Requirement: Quote all entries in full, exactly.

Data to process:
::::::::::

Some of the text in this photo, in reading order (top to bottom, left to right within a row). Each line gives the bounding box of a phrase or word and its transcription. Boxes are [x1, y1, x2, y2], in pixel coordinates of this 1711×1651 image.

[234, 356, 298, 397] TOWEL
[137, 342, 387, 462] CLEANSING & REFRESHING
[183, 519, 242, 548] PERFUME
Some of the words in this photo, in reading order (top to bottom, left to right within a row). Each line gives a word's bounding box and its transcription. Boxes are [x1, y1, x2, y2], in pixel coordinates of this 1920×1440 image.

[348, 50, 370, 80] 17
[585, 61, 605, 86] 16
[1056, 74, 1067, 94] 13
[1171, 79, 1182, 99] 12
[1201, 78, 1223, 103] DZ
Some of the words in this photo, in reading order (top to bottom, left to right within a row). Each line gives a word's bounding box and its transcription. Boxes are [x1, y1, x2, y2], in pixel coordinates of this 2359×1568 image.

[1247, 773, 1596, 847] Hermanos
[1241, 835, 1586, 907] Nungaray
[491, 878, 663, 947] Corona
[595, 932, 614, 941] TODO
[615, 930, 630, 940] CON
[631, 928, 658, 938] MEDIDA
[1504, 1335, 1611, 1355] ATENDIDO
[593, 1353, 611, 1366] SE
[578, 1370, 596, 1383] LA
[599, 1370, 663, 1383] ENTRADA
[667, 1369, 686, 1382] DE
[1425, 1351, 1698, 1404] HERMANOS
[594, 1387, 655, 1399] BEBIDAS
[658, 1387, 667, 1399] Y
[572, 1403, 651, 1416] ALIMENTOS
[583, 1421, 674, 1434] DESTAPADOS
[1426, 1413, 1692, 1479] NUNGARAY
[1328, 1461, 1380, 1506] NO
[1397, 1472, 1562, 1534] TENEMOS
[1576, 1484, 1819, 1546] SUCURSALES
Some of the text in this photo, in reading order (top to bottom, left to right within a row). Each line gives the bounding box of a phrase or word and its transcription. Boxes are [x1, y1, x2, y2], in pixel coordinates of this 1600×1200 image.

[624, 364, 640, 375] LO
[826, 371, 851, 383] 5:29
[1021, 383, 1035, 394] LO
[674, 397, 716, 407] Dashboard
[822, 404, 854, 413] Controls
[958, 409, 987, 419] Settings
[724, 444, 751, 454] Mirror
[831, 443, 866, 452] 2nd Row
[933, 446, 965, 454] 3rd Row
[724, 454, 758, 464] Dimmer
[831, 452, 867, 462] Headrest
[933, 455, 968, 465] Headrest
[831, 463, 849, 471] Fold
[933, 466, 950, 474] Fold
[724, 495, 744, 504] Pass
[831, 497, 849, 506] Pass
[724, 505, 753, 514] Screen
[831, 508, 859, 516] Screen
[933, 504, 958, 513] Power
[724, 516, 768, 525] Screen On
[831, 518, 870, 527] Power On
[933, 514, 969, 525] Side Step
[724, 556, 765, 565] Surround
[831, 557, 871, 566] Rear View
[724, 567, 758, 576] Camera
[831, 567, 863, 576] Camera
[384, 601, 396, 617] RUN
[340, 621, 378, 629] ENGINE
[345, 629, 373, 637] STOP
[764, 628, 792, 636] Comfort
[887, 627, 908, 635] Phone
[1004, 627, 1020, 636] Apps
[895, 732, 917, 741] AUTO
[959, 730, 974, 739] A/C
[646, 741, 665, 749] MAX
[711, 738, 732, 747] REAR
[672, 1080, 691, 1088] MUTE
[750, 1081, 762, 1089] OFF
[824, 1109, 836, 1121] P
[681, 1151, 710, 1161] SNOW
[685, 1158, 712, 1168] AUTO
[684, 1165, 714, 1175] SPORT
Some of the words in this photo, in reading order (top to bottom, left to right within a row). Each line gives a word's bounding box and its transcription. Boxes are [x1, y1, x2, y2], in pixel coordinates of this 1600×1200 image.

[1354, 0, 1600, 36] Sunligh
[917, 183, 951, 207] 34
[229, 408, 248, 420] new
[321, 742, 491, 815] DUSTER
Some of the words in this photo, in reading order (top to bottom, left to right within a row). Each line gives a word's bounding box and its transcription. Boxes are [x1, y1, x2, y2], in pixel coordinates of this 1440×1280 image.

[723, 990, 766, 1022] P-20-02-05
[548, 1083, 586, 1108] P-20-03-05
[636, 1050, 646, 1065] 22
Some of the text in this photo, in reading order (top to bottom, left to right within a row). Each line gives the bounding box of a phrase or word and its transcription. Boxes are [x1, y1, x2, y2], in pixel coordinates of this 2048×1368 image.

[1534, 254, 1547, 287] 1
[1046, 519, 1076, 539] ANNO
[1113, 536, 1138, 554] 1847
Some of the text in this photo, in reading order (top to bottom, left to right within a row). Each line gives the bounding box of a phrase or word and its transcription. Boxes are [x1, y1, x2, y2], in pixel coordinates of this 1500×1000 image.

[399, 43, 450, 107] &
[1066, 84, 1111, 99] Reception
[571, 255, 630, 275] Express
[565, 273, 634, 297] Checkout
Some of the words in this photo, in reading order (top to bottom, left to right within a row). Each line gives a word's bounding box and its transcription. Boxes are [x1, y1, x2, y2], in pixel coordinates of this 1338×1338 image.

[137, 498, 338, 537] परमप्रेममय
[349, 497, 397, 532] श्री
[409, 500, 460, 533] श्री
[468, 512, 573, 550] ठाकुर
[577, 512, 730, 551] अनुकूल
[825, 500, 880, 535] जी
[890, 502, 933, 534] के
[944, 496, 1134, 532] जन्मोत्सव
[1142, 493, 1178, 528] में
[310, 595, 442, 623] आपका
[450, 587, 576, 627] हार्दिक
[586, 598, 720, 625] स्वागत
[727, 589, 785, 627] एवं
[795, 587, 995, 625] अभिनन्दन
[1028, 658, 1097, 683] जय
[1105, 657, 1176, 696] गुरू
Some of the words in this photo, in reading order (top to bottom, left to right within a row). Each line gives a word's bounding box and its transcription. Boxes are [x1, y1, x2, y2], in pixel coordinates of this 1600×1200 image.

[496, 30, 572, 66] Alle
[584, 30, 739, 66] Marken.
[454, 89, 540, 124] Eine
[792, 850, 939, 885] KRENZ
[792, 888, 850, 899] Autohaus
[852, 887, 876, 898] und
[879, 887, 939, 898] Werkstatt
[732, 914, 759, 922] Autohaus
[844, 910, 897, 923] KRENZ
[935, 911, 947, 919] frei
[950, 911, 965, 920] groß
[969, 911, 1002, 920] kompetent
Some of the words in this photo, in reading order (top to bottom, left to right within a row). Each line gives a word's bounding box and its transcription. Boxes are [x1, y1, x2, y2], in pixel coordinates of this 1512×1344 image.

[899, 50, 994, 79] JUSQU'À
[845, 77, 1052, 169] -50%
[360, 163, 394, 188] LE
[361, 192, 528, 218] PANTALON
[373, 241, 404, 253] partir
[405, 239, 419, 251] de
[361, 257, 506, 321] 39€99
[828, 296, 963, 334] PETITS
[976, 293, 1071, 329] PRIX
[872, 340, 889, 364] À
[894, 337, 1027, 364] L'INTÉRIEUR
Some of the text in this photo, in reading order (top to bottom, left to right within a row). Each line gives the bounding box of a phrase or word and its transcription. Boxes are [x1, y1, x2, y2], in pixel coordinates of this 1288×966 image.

::::::::::

The answer:
Some of the text in this photo, in reading order (top to bottom, left to right within a row). Each line gives the bounding box of a phrase or word and its transcription. Boxes are [x1, y1, x2, y2], in pixel coordinates of this 1711×1651 image.

[234, 356, 298, 397] TOWEL
[137, 342, 387, 462] CLEANSING & REFRESHING
[183, 519, 242, 548] PERFUME
Some of the words in this photo, in reading order (top to bottom, left to right within a row). Each line gives a word's bounding box and its transcription. Boxes are [x1, y1, x2, y2], in pixel coordinates of this 1920×1440 image.

[348, 50, 370, 80] 17
[585, 61, 605, 86] 16
[1056, 74, 1067, 94] 13
[1171, 79, 1182, 99] 12
[1201, 78, 1223, 103] DZ
Some of the words in this photo, in reading order (top to bottom, left to right within a row). Each line gives a word's bounding box and its transcription. Boxes are [x1, y1, x2, y2], in pixel coordinates of this 2359×1568 image.

[1247, 773, 1596, 847] Hermanos
[1241, 835, 1586, 907] Nungaray
[491, 878, 663, 947] Corona
[595, 932, 614, 941] TODO
[615, 930, 630, 940] CON
[631, 928, 658, 938] MEDIDA
[1504, 1335, 1611, 1355] ATENDIDO
[593, 1353, 611, 1366] SE
[578, 1370, 596, 1383] LA
[599, 1370, 663, 1383] ENTRADA
[667, 1369, 686, 1382] DE
[1425, 1351, 1698, 1404] HERMANOS
[594, 1387, 655, 1399] BEBIDAS
[658, 1387, 667, 1399] Y
[572, 1403, 651, 1416] ALIMENTOS
[583, 1421, 674, 1434] DESTAPADOS
[1426, 1413, 1692, 1479] NUNGARAY
[1328, 1461, 1380, 1506] NO
[1397, 1472, 1562, 1534] TENEMOS
[1576, 1484, 1819, 1546] SUCURSALES
Some of the text in this photo, in reading order (top to bottom, left to right within a row). Each line gives the bounding box of a phrase or word and its transcription. Boxes are [x1, y1, x2, y2], in pixel coordinates of this 1600×1200 image.

[624, 364, 640, 375] LO
[826, 371, 851, 383] 5:29
[1021, 383, 1035, 394] LO
[674, 397, 716, 407] Dashboard
[822, 404, 854, 413] Controls
[958, 409, 987, 419] Settings
[724, 444, 751, 454] Mirror
[831, 443, 866, 452] 2nd Row
[933, 446, 965, 454] 3rd Row
[724, 454, 758, 464] Dimmer
[831, 452, 867, 462] Headrest
[933, 455, 968, 465] Headrest
[831, 463, 849, 471] Fold
[933, 466, 950, 474] Fold
[724, 495, 744, 504] Pass
[831, 497, 849, 506] Pass
[724, 505, 753, 514] Screen
[831, 508, 859, 516] Screen
[933, 504, 958, 513] Power
[724, 516, 768, 525] Screen On
[831, 518, 870, 527] Power On
[933, 514, 969, 525] Side Step
[724, 556, 765, 565] Surround
[831, 557, 871, 566] Rear View
[724, 567, 758, 576] Camera
[831, 567, 863, 576] Camera
[384, 601, 396, 617] RUN
[340, 621, 378, 629] ENGINE
[345, 629, 373, 637] STOP
[764, 628, 792, 636] Comfort
[887, 627, 908, 635] Phone
[1004, 627, 1020, 636] Apps
[895, 732, 917, 741] AUTO
[959, 730, 974, 739] A/C
[646, 741, 665, 749] MAX
[711, 738, 732, 747] REAR
[672, 1080, 691, 1088] MUTE
[750, 1081, 762, 1089] OFF
[824, 1109, 836, 1121] P
[681, 1151, 710, 1161] SNOW
[685, 1158, 712, 1168] AUTO
[684, 1165, 714, 1175] SPORT
Some of the words in this photo, in reading order (top to bottom, left to right within a row). Each line gives a word's bounding box and its transcription. Boxes are [x1, y1, x2, y2], in pixel coordinates of this 1600×1200 image.

[1354, 0, 1600, 36] Sunligh
[917, 183, 951, 207] 34
[229, 408, 248, 420] new
[321, 742, 491, 815] DUSTER
Some of the words in this photo, in reading order (top to bottom, left to right within a row). Each line gives a word's bounding box and its transcription. Boxes are [x1, y1, x2, y2], in pixel coordinates of this 1440×1280 image.

[723, 990, 766, 1022] P-20-02-05
[548, 1083, 586, 1108] P-20-03-05
[636, 1050, 646, 1065] 22
Some of the text in this photo, in reading order (top to bottom, left to right within a row). Each line gives the bounding box of a phrase or word and its transcription. Boxes are [x1, y1, x2, y2], in pixel coordinates of this 2048×1368 image.

[1534, 254, 1547, 287] 1
[1046, 519, 1076, 539] ANNO
[1113, 536, 1138, 554] 1847
Some of the text in this photo, in reading order (top to bottom, left to right within a row). Each line gives the bounding box of a phrase or word and its transcription. Boxes are [x1, y1, x2, y2], in pixel coordinates of this 1500×1000 image.

[399, 43, 450, 107] &
[1066, 84, 1111, 99] Reception
[571, 255, 630, 275] Express
[565, 273, 634, 297] Checkout
Some of the words in this photo, in reading order (top to bottom, left to right within a row). Each line gives a word's bounding box and its transcription. Boxes are [x1, y1, x2, y2], in pixel coordinates of this 1338×1338 image.

[137, 498, 338, 537] परमप्रेममय
[349, 497, 397, 532] श्री
[409, 500, 460, 533] श्री
[468, 512, 573, 550] ठाकुर
[577, 512, 730, 551] अनुकूल
[825, 500, 880, 535] जी
[890, 502, 933, 534] के
[944, 496, 1134, 532] जन्मोत्सव
[1142, 493, 1178, 528] में
[310, 595, 442, 623] आपका
[450, 587, 576, 627] हार्दिक
[586, 598, 720, 625] स्वागत
[727, 589, 785, 627] एवं
[795, 587, 995, 625] अभिनन्दन
[1028, 658, 1097, 683] जय
[1105, 657, 1176, 696] गुरू
Some of the words in this photo, in reading order (top to bottom, left to right within a row). Each line gives a word's bounding box and its transcription. Boxes are [x1, y1, x2, y2], in pixel coordinates of this 1600×1200 image.

[496, 30, 572, 66] Alle
[584, 30, 739, 66] Marken.
[454, 89, 540, 124] Eine
[792, 850, 939, 885] KRENZ
[792, 888, 850, 899] Autohaus
[852, 887, 876, 898] und
[879, 887, 939, 898] Werkstatt
[732, 914, 759, 922] Autohaus
[844, 910, 897, 923] KRENZ
[935, 911, 947, 919] frei
[950, 911, 965, 920] groß
[969, 911, 1002, 920] kompetent
Some of the words in this photo, in reading order (top to bottom, left to right within a row). Each line gives a word's bounding box and its transcription. Boxes are [x1, y1, x2, y2], in pixel coordinates of this 1512×1344 image.

[899, 50, 994, 79] JUSQU'À
[845, 77, 1052, 169] -50%
[360, 163, 394, 188] LE
[361, 192, 528, 218] PANTALON
[373, 241, 404, 253] partir
[405, 239, 419, 251] de
[361, 257, 506, 321] 39€99
[828, 296, 963, 334] PETITS
[976, 293, 1071, 329] PRIX
[872, 340, 889, 364] À
[894, 337, 1027, 364] L'INTÉRIEUR
Some of the text in this photo, in reading order (top to bottom, left to right within a row). Each line gives the bounding box of a phrase or word and its transcription. Boxes are [x1, y1, x2, y2], in pixel coordinates of this 1288×966 image.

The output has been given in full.